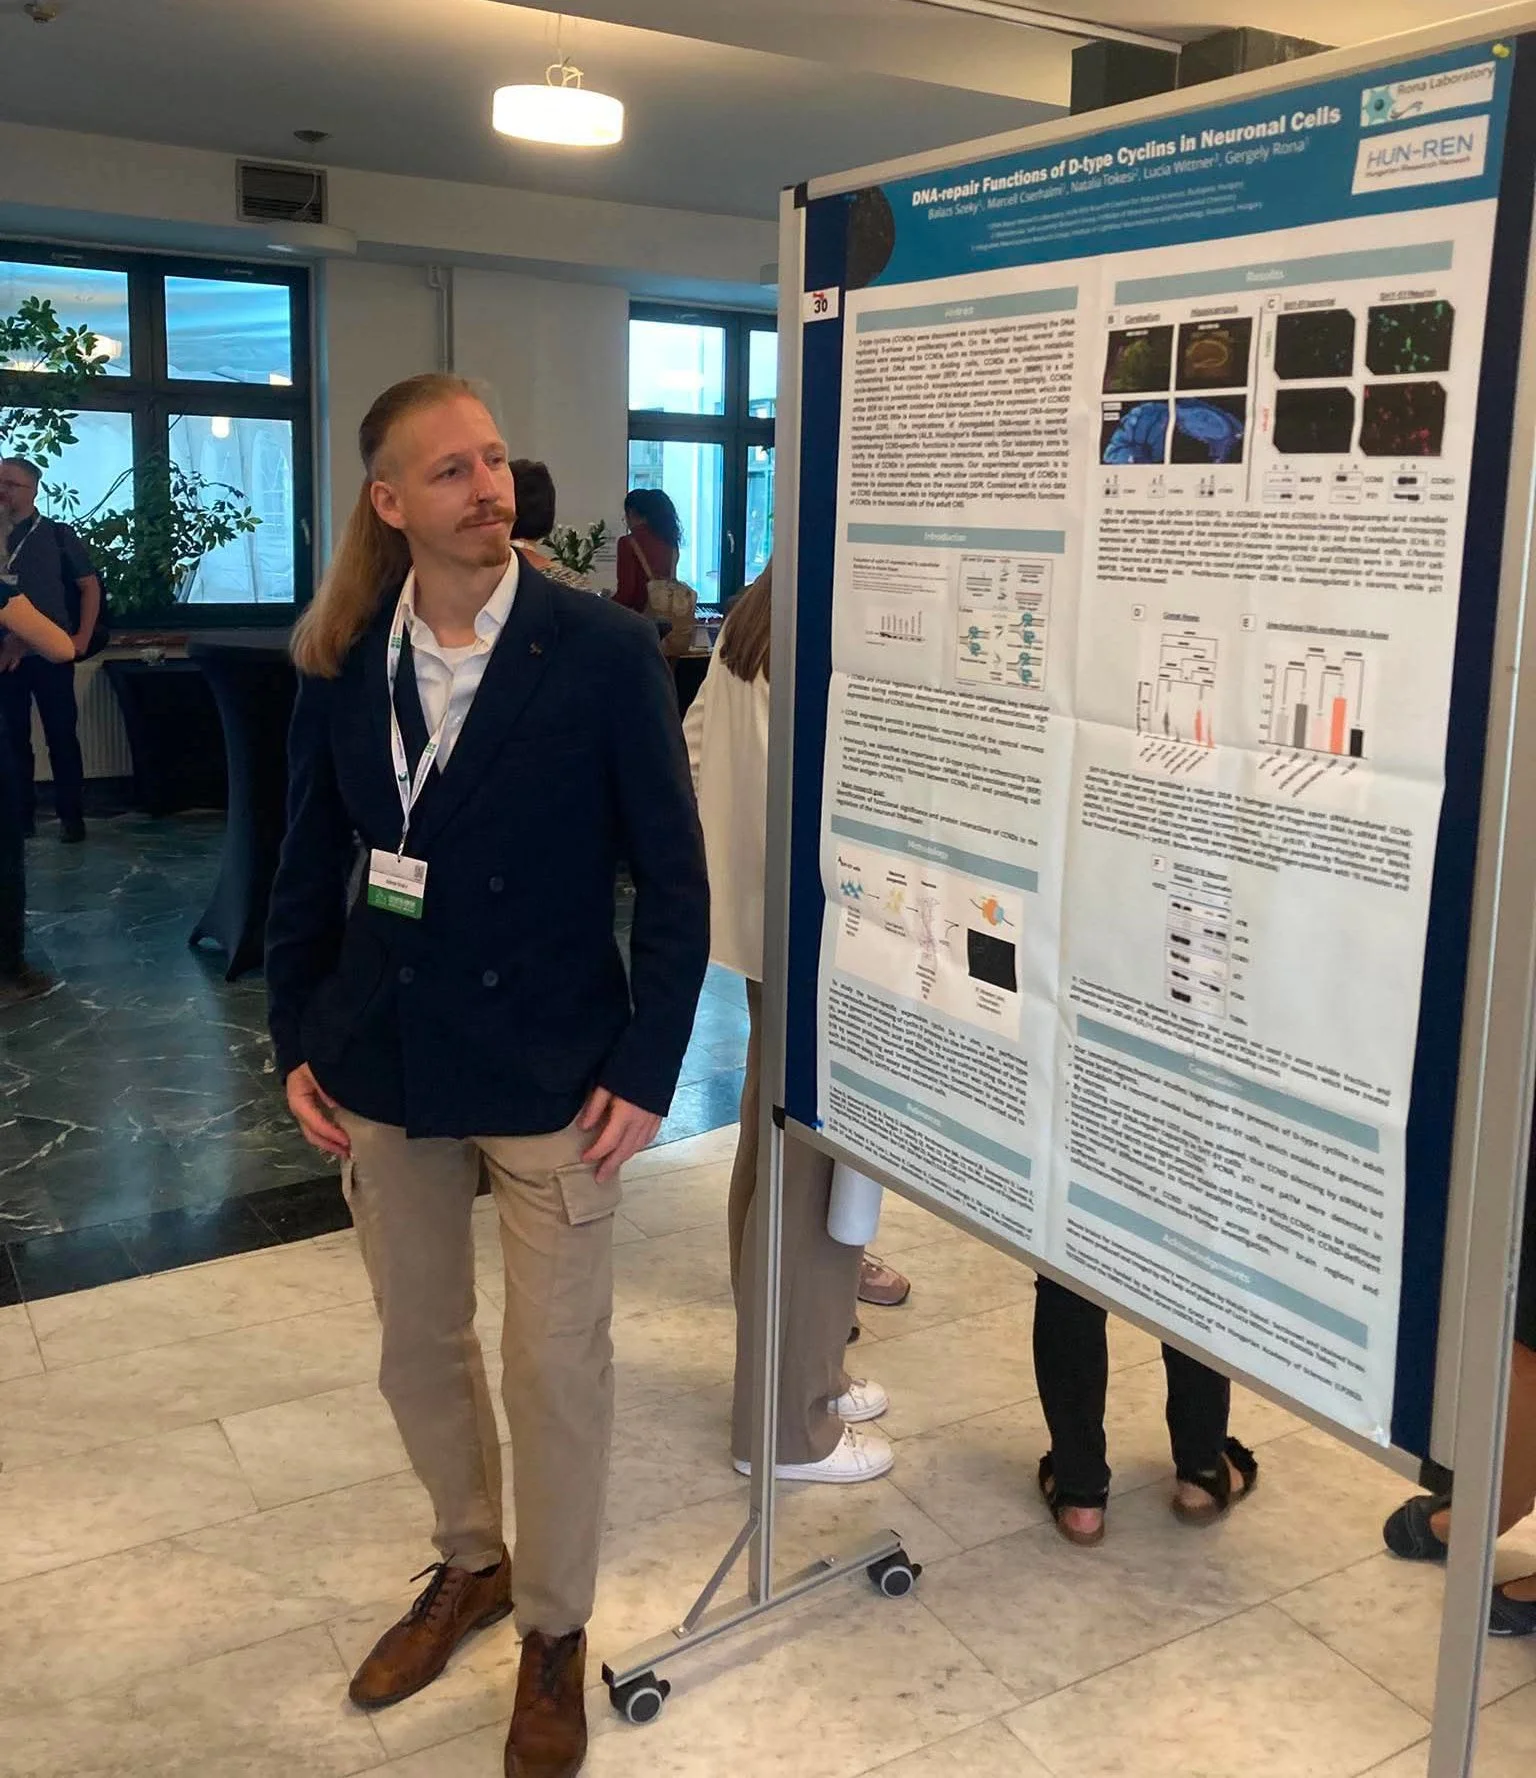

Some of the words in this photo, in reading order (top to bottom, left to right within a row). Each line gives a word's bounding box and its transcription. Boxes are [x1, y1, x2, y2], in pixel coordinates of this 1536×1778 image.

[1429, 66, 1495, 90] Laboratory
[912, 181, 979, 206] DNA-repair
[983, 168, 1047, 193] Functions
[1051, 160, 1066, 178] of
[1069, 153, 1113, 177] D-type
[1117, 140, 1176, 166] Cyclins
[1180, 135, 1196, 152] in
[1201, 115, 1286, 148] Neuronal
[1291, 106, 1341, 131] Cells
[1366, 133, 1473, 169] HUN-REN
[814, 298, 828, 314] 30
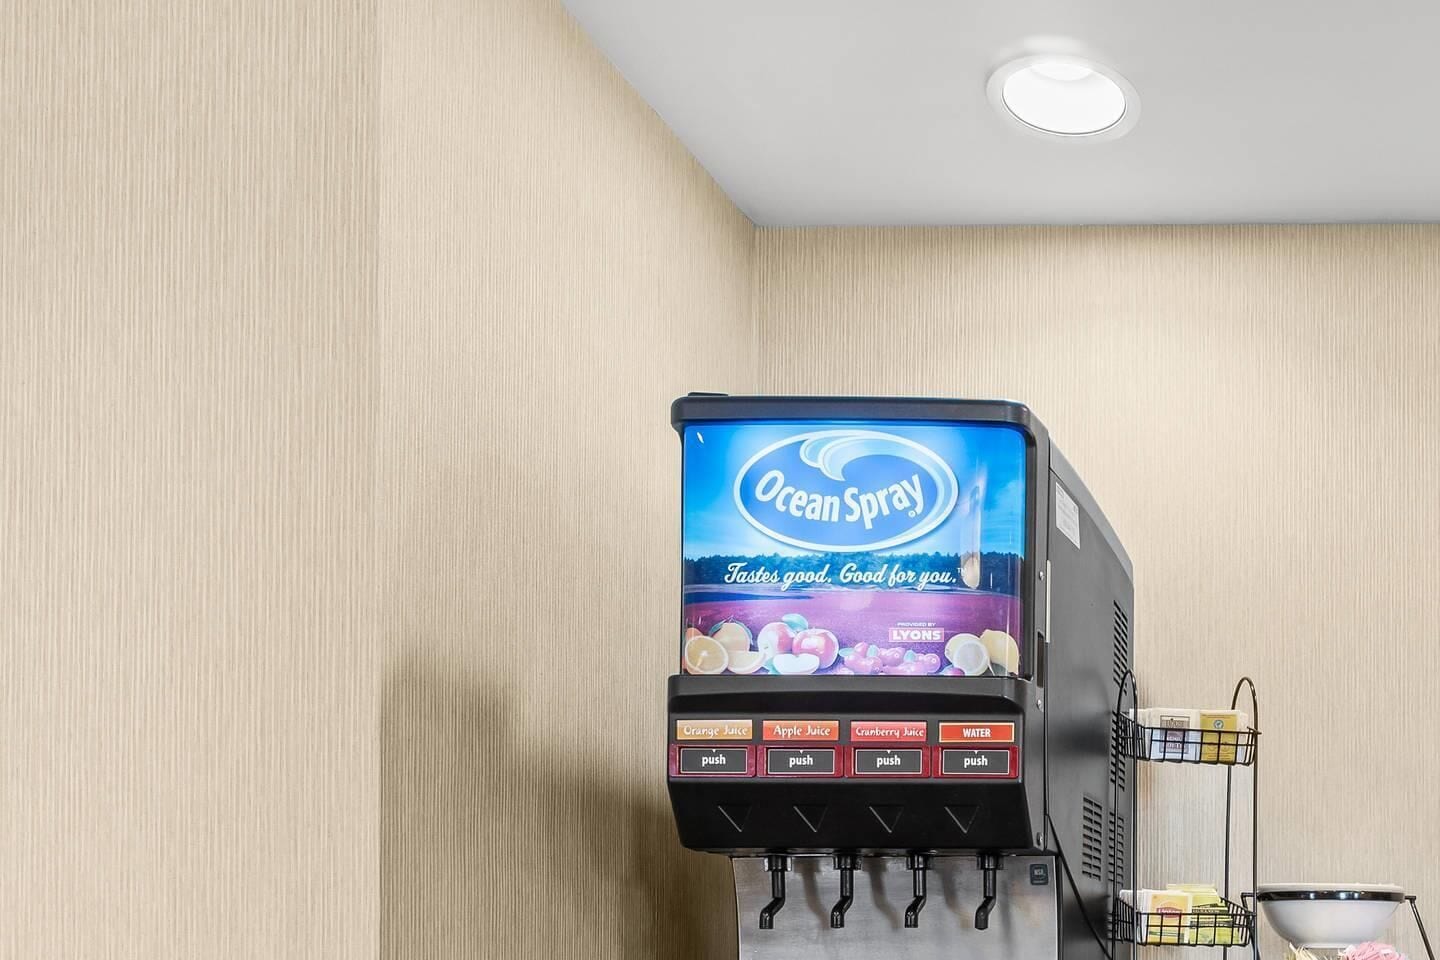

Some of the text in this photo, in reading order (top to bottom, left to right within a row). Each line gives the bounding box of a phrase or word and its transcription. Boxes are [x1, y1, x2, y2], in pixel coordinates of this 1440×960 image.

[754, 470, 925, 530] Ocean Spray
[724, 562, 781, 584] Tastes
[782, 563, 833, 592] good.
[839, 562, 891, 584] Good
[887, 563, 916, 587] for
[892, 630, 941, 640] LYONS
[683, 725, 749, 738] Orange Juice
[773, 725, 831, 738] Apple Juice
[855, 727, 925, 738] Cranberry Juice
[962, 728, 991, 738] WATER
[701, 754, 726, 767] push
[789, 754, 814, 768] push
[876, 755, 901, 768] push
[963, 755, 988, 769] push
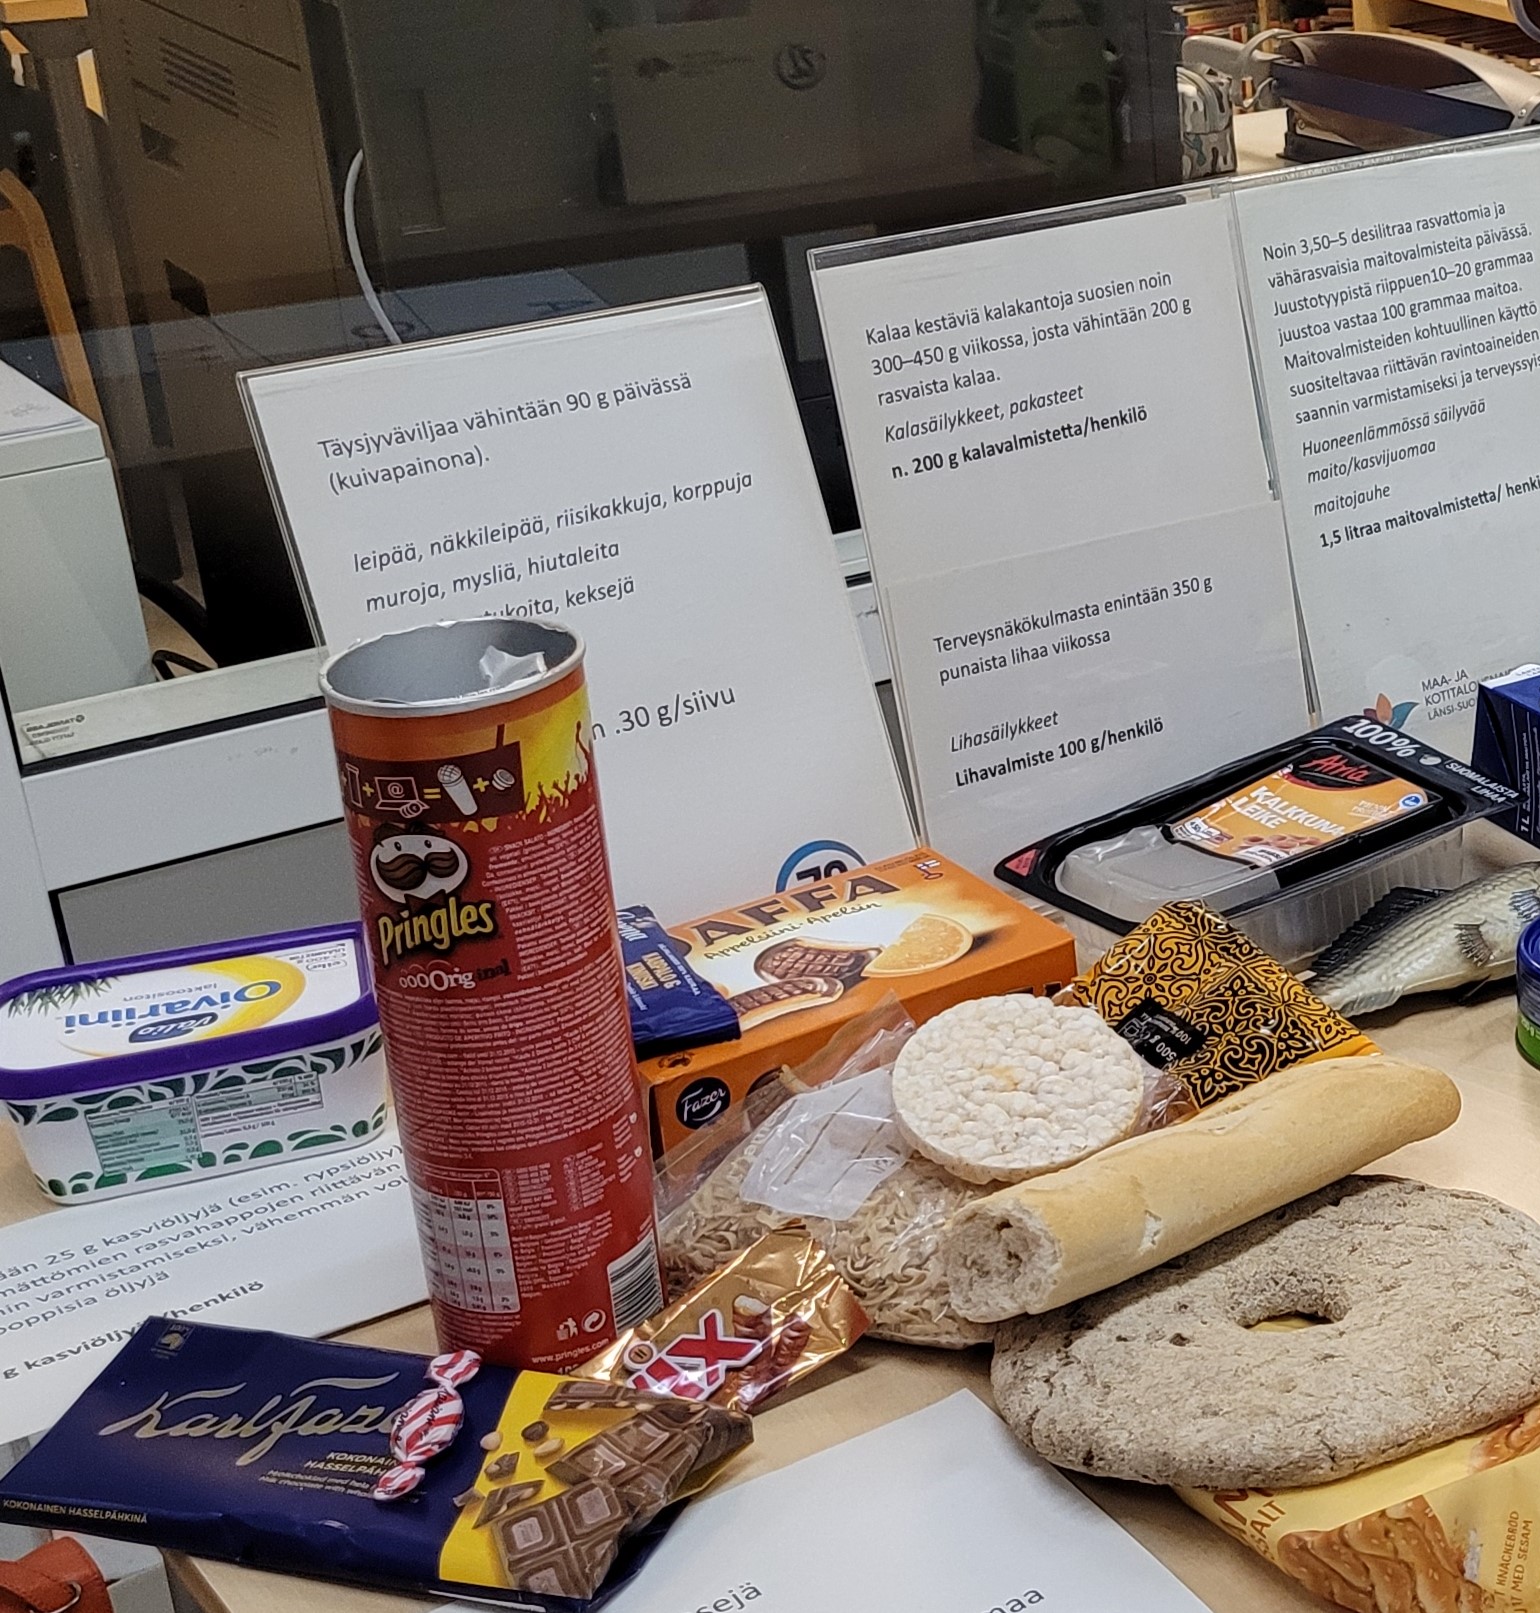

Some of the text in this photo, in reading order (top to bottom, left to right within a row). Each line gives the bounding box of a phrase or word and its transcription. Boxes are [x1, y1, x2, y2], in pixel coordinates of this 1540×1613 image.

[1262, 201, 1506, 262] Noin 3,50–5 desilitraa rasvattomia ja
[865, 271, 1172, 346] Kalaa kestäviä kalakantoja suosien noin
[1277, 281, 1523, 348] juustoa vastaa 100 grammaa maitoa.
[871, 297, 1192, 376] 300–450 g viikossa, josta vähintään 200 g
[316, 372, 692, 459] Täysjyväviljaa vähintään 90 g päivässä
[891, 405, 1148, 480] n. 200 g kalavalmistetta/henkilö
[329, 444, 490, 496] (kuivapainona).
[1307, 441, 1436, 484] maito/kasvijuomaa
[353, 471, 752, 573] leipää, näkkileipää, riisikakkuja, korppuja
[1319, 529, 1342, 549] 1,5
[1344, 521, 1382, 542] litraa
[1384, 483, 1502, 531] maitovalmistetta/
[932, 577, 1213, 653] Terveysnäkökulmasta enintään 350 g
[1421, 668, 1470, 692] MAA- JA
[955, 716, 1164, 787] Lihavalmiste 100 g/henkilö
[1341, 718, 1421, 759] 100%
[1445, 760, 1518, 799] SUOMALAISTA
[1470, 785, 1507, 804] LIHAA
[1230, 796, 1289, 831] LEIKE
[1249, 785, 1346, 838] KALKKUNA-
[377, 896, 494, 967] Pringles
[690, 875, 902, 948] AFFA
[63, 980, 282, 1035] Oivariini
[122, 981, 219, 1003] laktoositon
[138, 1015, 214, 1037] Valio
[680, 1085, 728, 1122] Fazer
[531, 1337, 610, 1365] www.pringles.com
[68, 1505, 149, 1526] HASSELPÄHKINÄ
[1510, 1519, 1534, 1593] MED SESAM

Required action:
Please repeat the records above exactly, leaving every picture out.

Answer box:
Some of the words in this photo, in reading order (top to bottom, left to right within a row). Each line gives a word's bounding box and its transcription. Boxes are [x1, y1, x2, y2], in pixel coordinates of this 1536×1778 image.

[1429, 66, 1495, 90] Laboratory
[912, 181, 979, 206] DNA-repair
[983, 168, 1047, 193] Functions
[1051, 160, 1066, 178] of
[1069, 153, 1113, 177] D-type
[1117, 140, 1176, 166] Cyclins
[1180, 135, 1196, 152] in
[1201, 115, 1286, 148] Neuronal
[1291, 106, 1341, 131] Cells
[1366, 133, 1473, 169] HUN-REN
[814, 298, 828, 314] 30

Some of the text in this photo, in reading order (top to bottom, left to right within a row). Each line gives the bounding box of a phrase or word and its transcription. Boxes are [x1, y1, x2, y2], in pixel coordinates of this 1440×960 image.

[754, 470, 925, 530] Ocean Spray
[724, 562, 781, 584] Tastes
[782, 563, 833, 592] good.
[839, 562, 891, 584] Good
[887, 563, 916, 587] for
[892, 630, 941, 640] LYONS
[683, 725, 749, 738] Orange Juice
[773, 725, 831, 738] Apple Juice
[855, 727, 925, 738] Cranberry Juice
[962, 728, 991, 738] WATER
[701, 754, 726, 767] push
[789, 754, 814, 768] push
[876, 755, 901, 768] push
[963, 755, 988, 769] push

Some of the text in this photo, in reading order (top to bottom, left to right within a row). Each line gives the bounding box of a phrase or word and its transcription. Boxes are [x1, y1, x2, y2], in pixel coordinates of this 1540×1613 image.

[1262, 201, 1506, 262] Noin 3,50–5 desilitraa rasvattomia ja
[865, 271, 1172, 346] Kalaa kestäviä kalakantoja suosien noin
[1277, 281, 1523, 348] juustoa vastaa 100 grammaa maitoa.
[871, 297, 1192, 376] 300–450 g viikossa, josta vähintään 200 g
[316, 372, 692, 459] Täysjyväviljaa vähintään 90 g päivässä
[891, 405, 1148, 480] n. 200 g kalavalmistetta/henkilö
[329, 444, 490, 496] (kuivapainona).
[1307, 441, 1436, 484] maito/kasvijuomaa
[353, 471, 752, 573] leipää, näkkileipää, riisikakkuja, korppuja
[1319, 529, 1342, 549] 1,5
[1344, 521, 1382, 542] litraa
[1384, 483, 1502, 531] maitovalmistetta/
[932, 577, 1213, 653] Terveysnäkökulmasta enintään 350 g
[1421, 668, 1470, 692] MAA- JA
[955, 716, 1164, 787] Lihavalmiste 100 g/henkilö
[1341, 718, 1421, 759] 100%
[1445, 760, 1518, 799] SUOMALAISTA
[1470, 785, 1507, 804] LIHAA
[1230, 796, 1289, 831] LEIKE
[1249, 785, 1346, 838] KALKKUNA-
[377, 896, 494, 967] Pringles
[690, 875, 902, 948] AFFA
[63, 980, 282, 1035] Oivariini
[122, 981, 219, 1003] laktoositon
[138, 1015, 214, 1037] Valio
[680, 1085, 728, 1122] Fazer
[531, 1337, 610, 1365] www.pringles.com
[68, 1505, 149, 1526] HASSELPÄHKINÄ
[1510, 1519, 1534, 1593] MED SESAM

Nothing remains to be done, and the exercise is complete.